Como el Gobernador y los españoles hubieron descansado del trabajo del camino y de la batalla, luego envió mensajeros al pueblo de San Miguel, haciendo saber a los vecinos lo que le había acaescido, y por saber dellos cómo les iba, y si habían venido algunos navíos, de lo cual mandó que le avisasen; y mandó hacer en la plaza de Caxamalca una iglesia donde se celebrase el santísimo sacramento de la misa; y mandó derribar la cerca de la plaza, porque era baja, y fue hecha de tapias de altura de dos estados, de largura de quinientos y cincuenta pasos.
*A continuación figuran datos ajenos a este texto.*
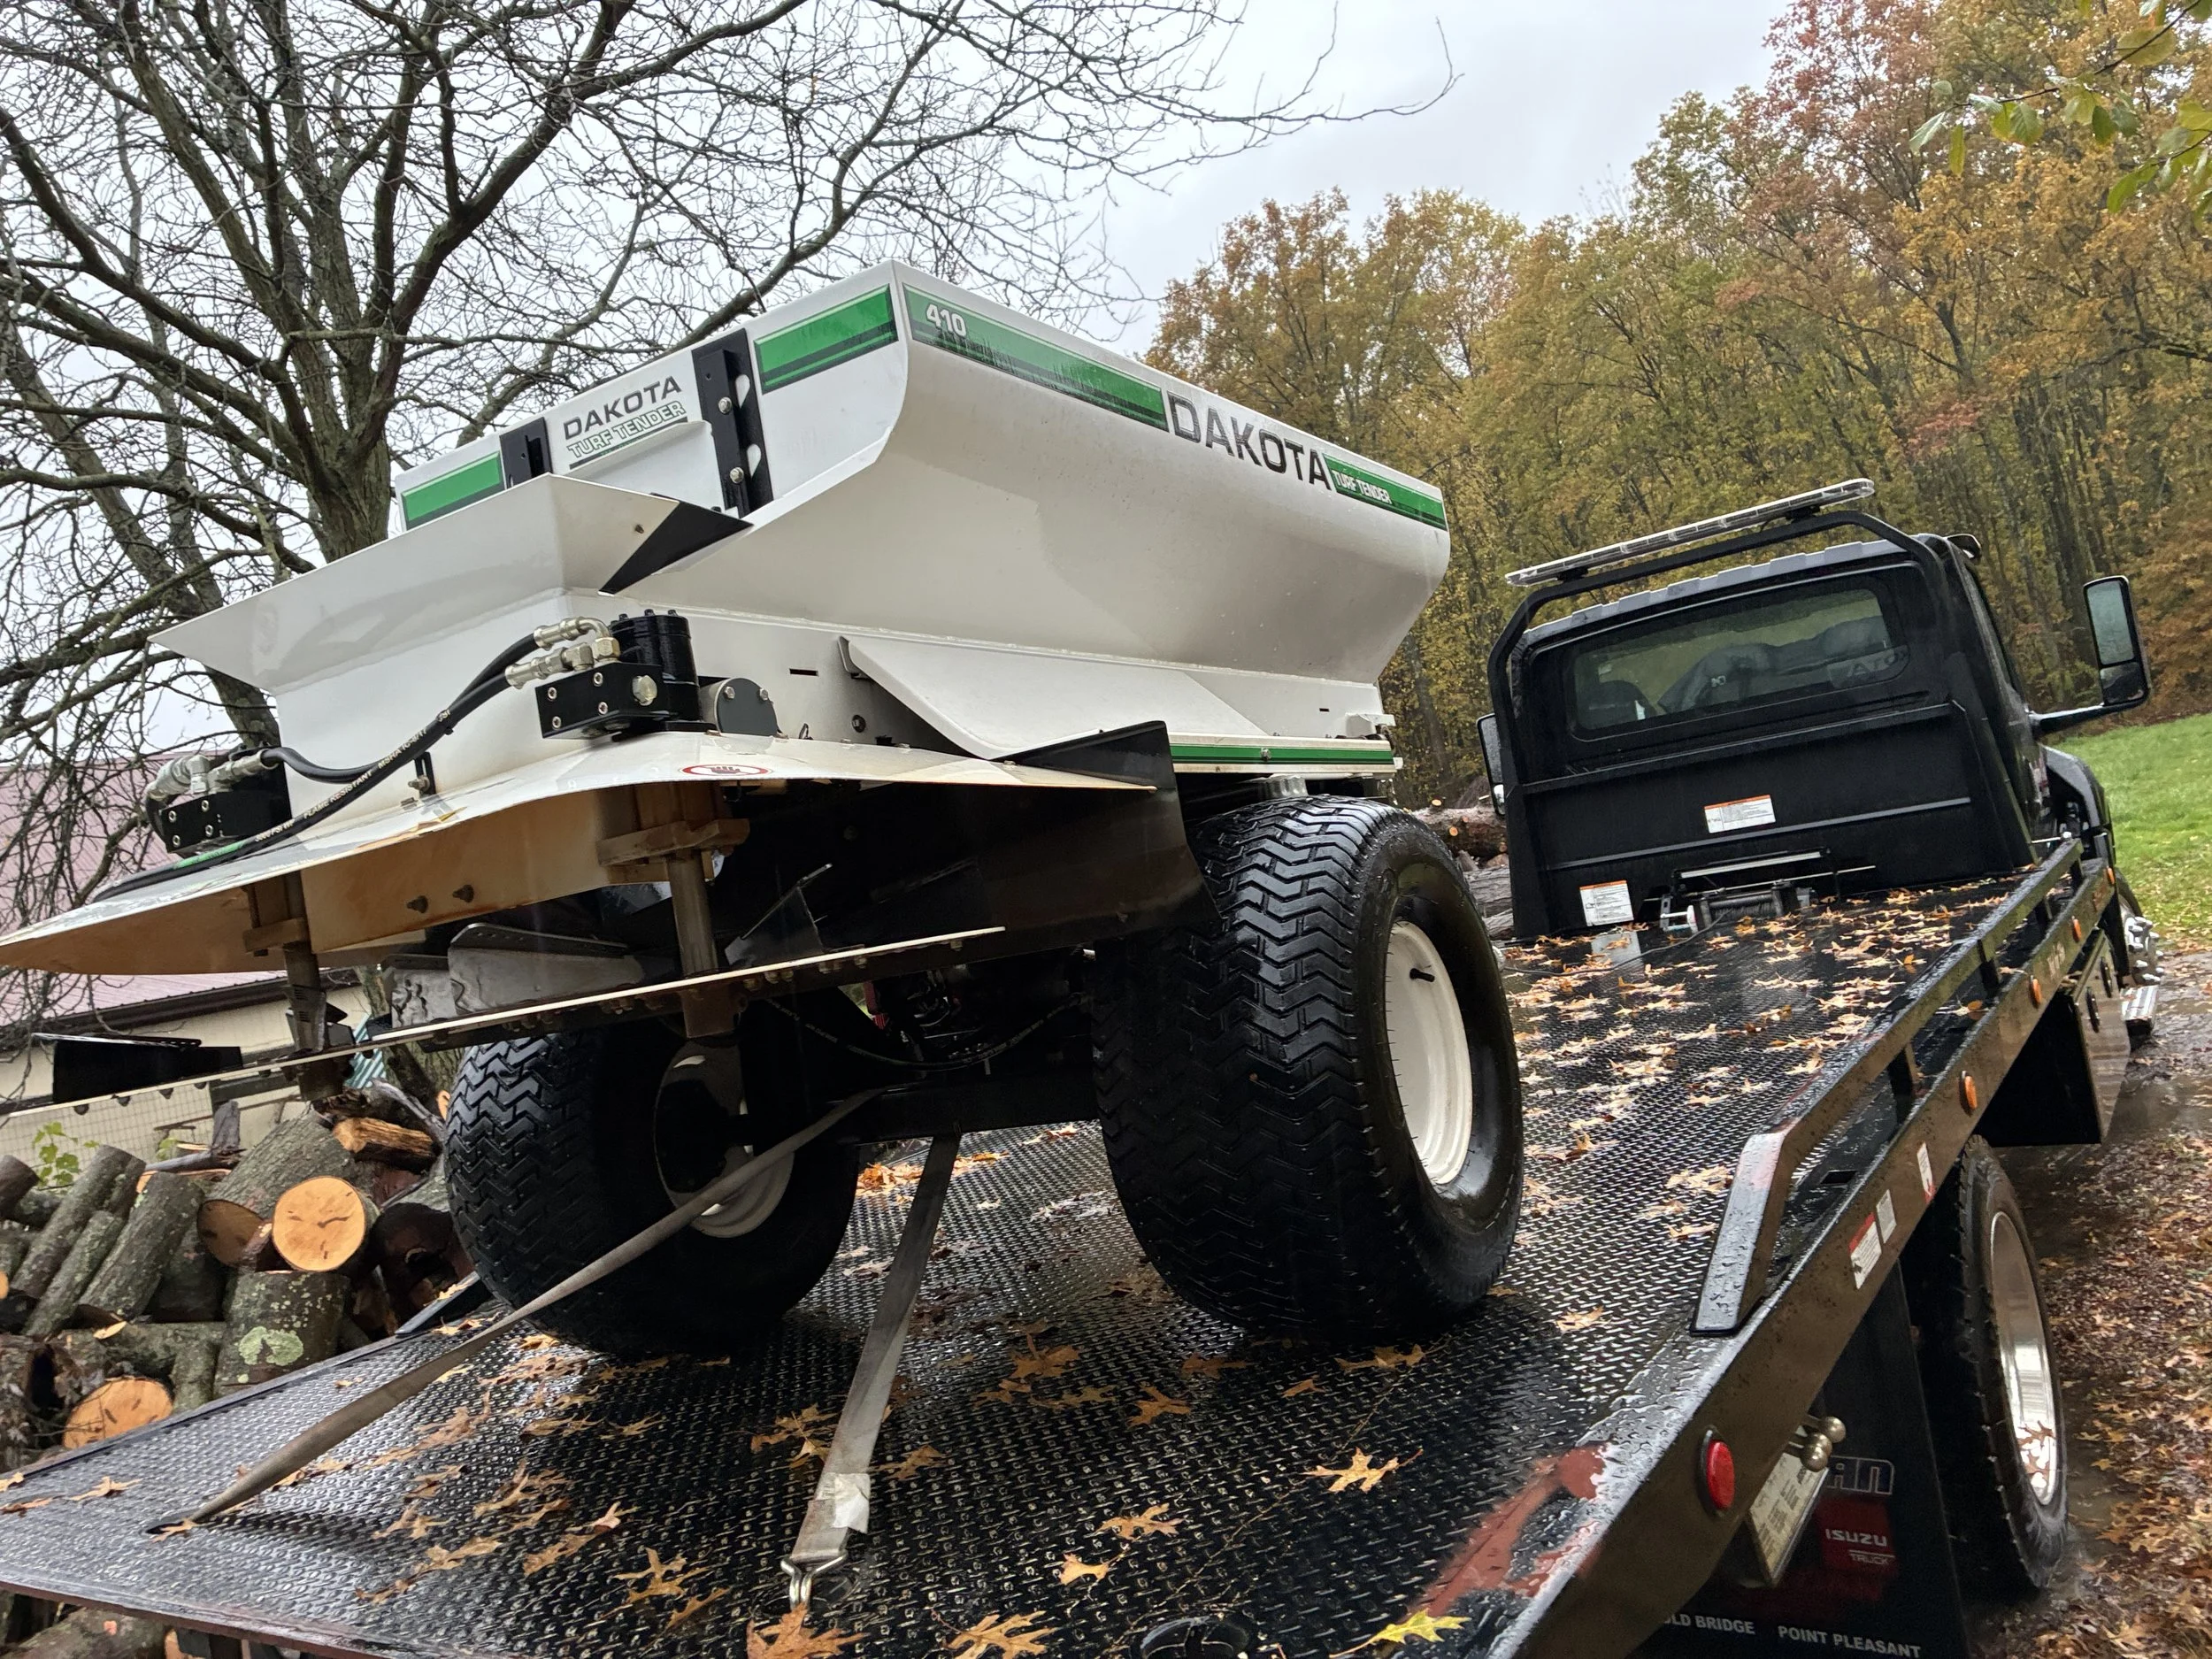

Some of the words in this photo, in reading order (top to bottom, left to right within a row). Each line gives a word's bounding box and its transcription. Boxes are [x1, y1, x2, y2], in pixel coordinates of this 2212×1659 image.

[926, 303, 966, 337] 410
[563, 375, 682, 441] DAKOTA
[566, 429, 613, 458] TURF
[611, 400, 687, 440] TENDER
[1167, 390, 1332, 491] DAKOTA
[1331, 470, 1356, 491] TURF
[1356, 479, 1393, 504] TENDER
[330, 771, 372, 803] RESISTANT
[1825, 1528, 1887, 1547] ISUZU
[1849, 1553, 1889, 1565] TRUCK
[1695, 1615, 1756, 1635] BRIDGE
[1778, 1625, 1827, 1645] POINT
[1833, 1633, 1921, 1658] PLEASANT
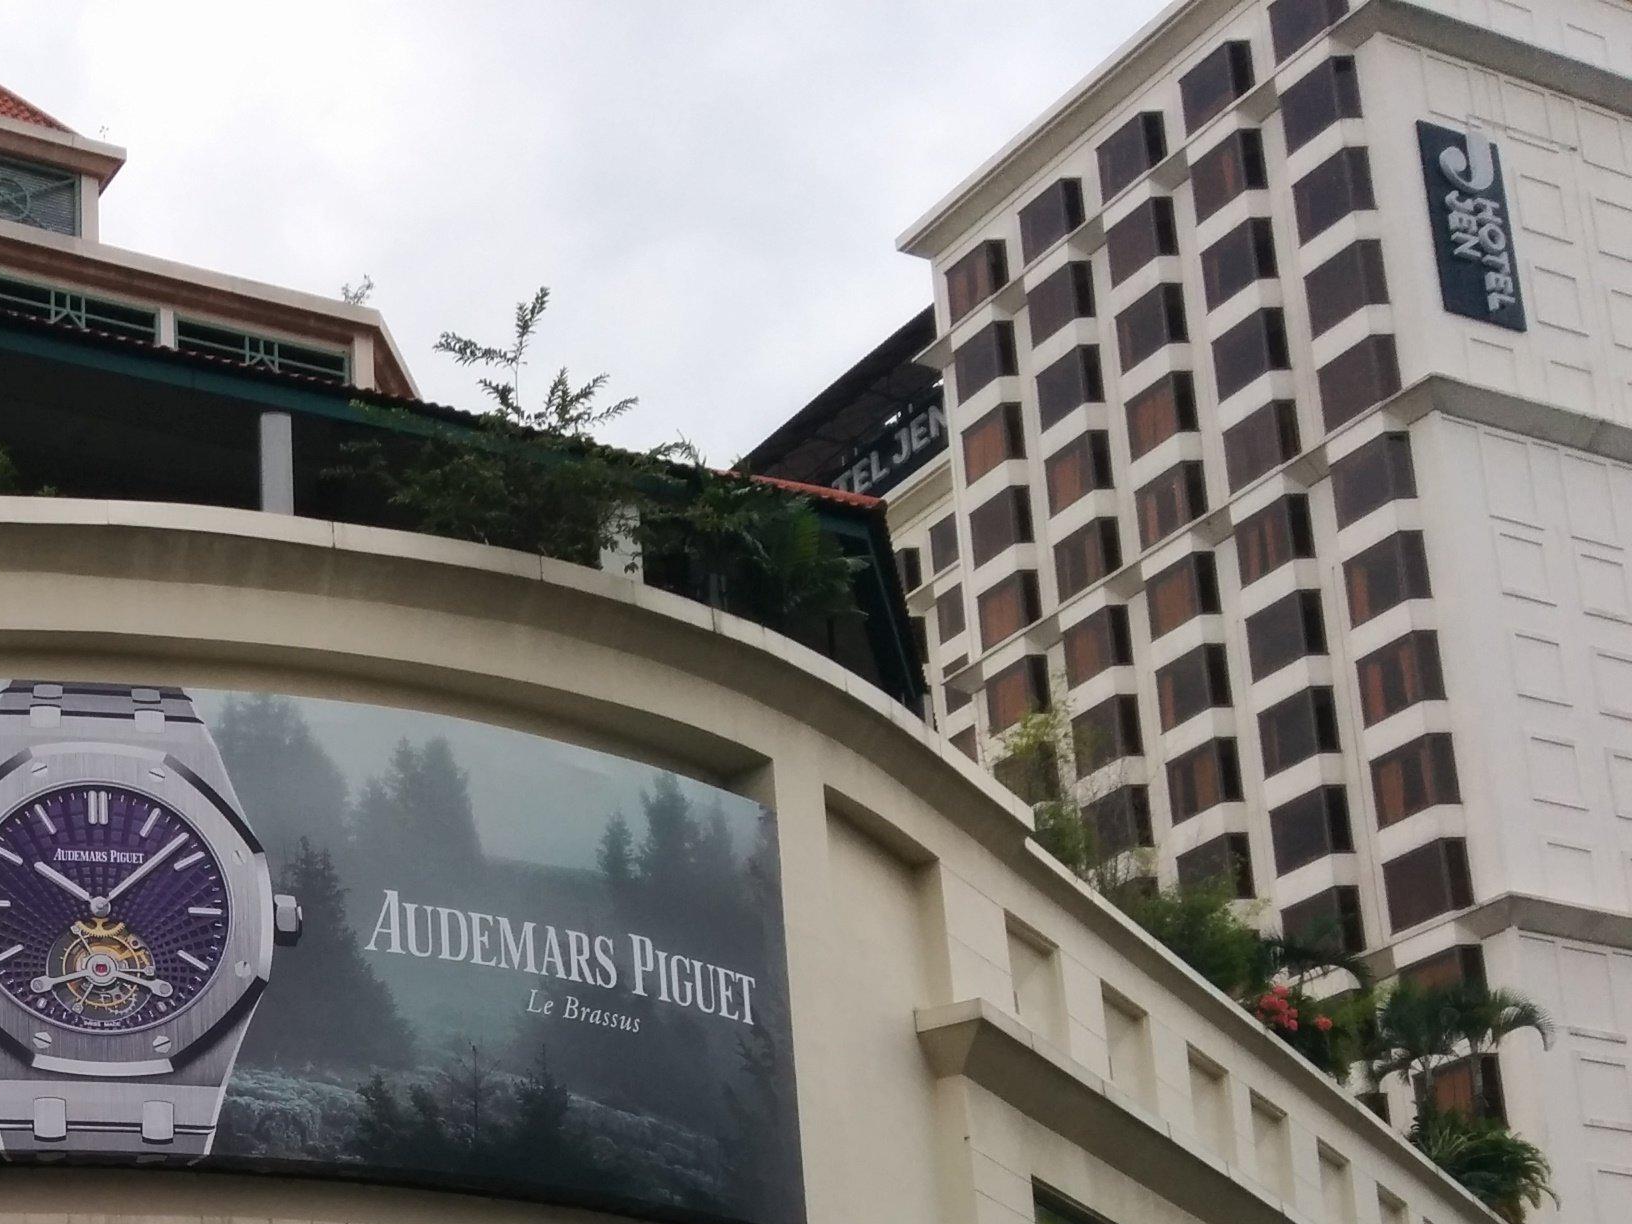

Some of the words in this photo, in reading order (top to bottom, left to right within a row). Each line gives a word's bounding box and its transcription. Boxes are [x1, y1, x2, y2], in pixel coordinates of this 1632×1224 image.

[1445, 190, 1483, 257] JEN
[1475, 197, 1516, 312] HOTEL
[832, 450, 891, 495] TEL
[53, 848, 107, 863] AUDEMARS
[110, 849, 144, 864] PIGUET
[364, 889, 618, 989] AUDEMARS
[628, 933, 756, 1026] PIGUET
[526, 989, 554, 1016] Le
[562, 996, 641, 1034] Brassus
Otras cosas mandó hacer para guarda del real.   —117→   Cada día se informaba si se hacía algún ayuntamiento de gente, y de las otras cosas que en la tierra pasaban.

Sabido por los caciques desta provincia la venida del Gobernador y la prisión de Atabalipa, muchos dellos vinieron de paz a ver al Gobernador. Algunos destos caciques eran señores de treinta mil indios, todos subjectos a Atabalipa, y como ante él llegaban, le hacían gran acatamiento besándole los pies y las manos; él los recebía sin mirallos. Cosa extraña es decir la gravedad de Atabalipa, y la mucha obediencia que todos le tenían. Cada día le traían muchos presentes de toda la tierra. Así, preso como estaba, tenía estado de señor y estaba muy alegre; verdad es que el Gobernador le hacía muy buen tratamiento, aunque algunas veces le dijo que algunos indios habían dicho a los españoles cómo hacía ayuntar gente de guerra en Guamachuco y en otras partes. Atabalipa respondió que en toda aquella tierra no había quien se moviese sin su licencia; que tuviese por cierto que si gente de guerra viniese, que él la mandaba venir, y que entonces hiciese dél lo que quisiese, pues lo tenía en su prisión. Muchas cosas dijeron los indios que fueron mentira, aunque los cristianos tenían alteración. Entre muchos mensajeros que venían a Atabalipa, le vino uno de los que traían preso a su hermano, a decille que cuando sus capitanes supieron su prisión habían ya muerto al Cuzco. Sabido esto por el Gobernador, mostró que le pesaba mucho, y dijo que no le habían muerto, que lo trujesen luego vivo, y si no, que él mandaría matar a Atabalipa. Atabalipa afirmaba que sus capitanes lo habían muerto sin saberlo él. El Gobernador se informó de los mensajeros, y supo que lo habían muerto.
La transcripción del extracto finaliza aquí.